*Exercise objective*
The entries are to be duplicated exactly, though any picture in them must be omitted.

Start of Block

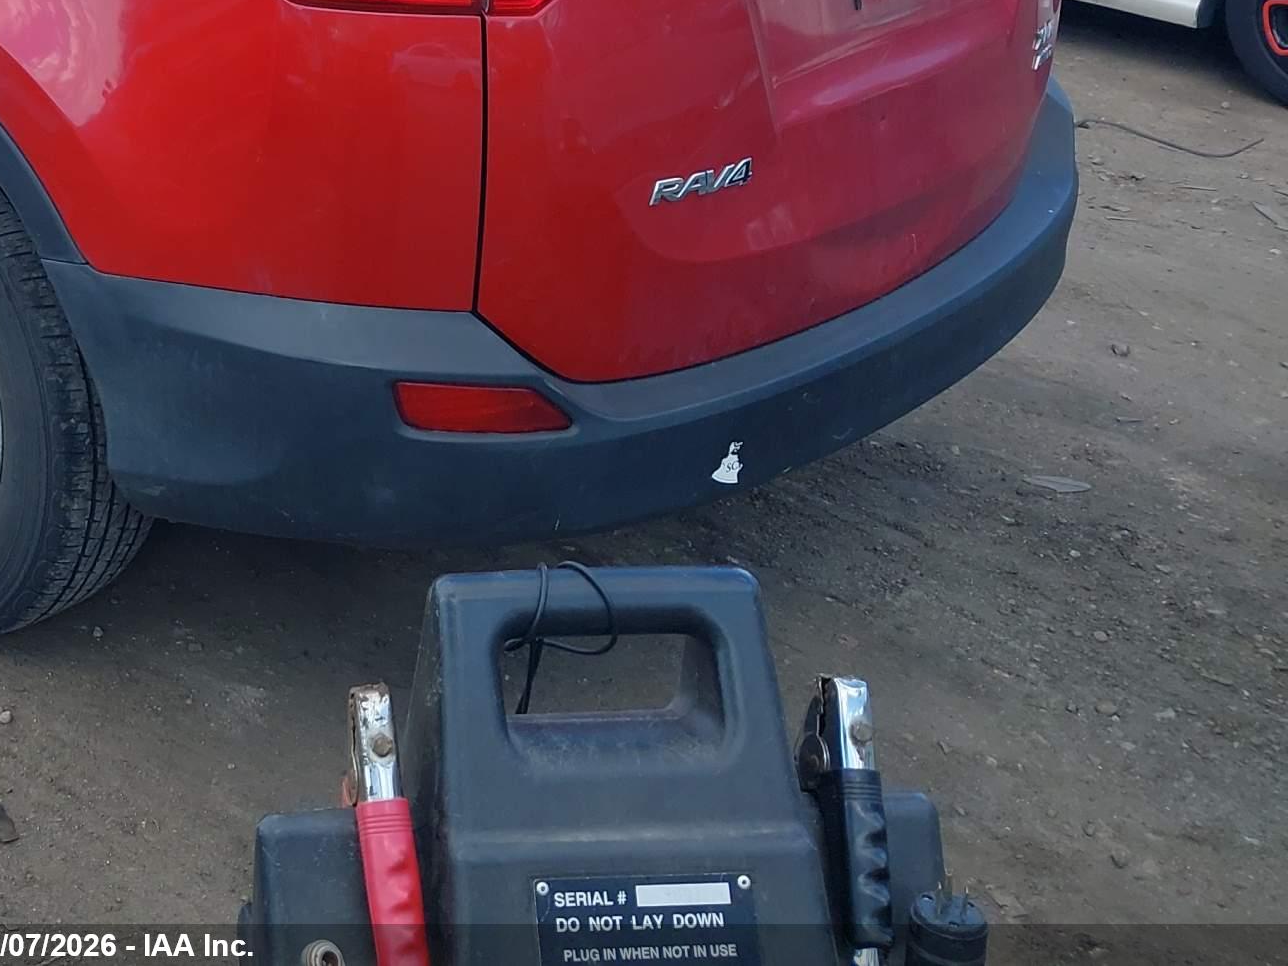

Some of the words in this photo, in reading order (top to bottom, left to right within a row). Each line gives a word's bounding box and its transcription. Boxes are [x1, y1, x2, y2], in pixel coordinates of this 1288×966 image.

[649, 157, 752, 205] RAV4
[554, 891, 613, 907] SERIAL
[617, 890, 627, 905] #
[556, 917, 580, 932] DO
[589, 915, 623, 931] NOT
[632, 914, 664, 930] LAY
[673, 912, 725, 928] DOWN
[564, 948, 600, 962] PLUG
[604, 948, 617, 961] IN
[619, 946, 660, 960] WHEN
[662, 945, 691, 959] NOT
[694, 945, 708, 957] IN
[711, 944, 737, 957] USE

End of Block

*Answer for the task*
Some of the words in this photo, in reading order (top to bottom, left to right within a row). Each line gives a word's bounding box and its transcription. Boxes are [x1, y1, x2, y2], in pixel coordinates of this 1288×966 image.

[649, 157, 752, 205] RAV4
[554, 891, 613, 907] SERIAL
[617, 890, 627, 905] #
[556, 917, 580, 932] DO
[589, 915, 623, 931] NOT
[632, 914, 664, 930] LAY
[673, 912, 725, 928] DOWN
[564, 948, 600, 962] PLUG
[604, 948, 617, 961] IN
[619, 946, 660, 960] WHEN
[662, 945, 691, 959] NOT
[694, 945, 708, 957] IN
[711, 944, 737, 957] USE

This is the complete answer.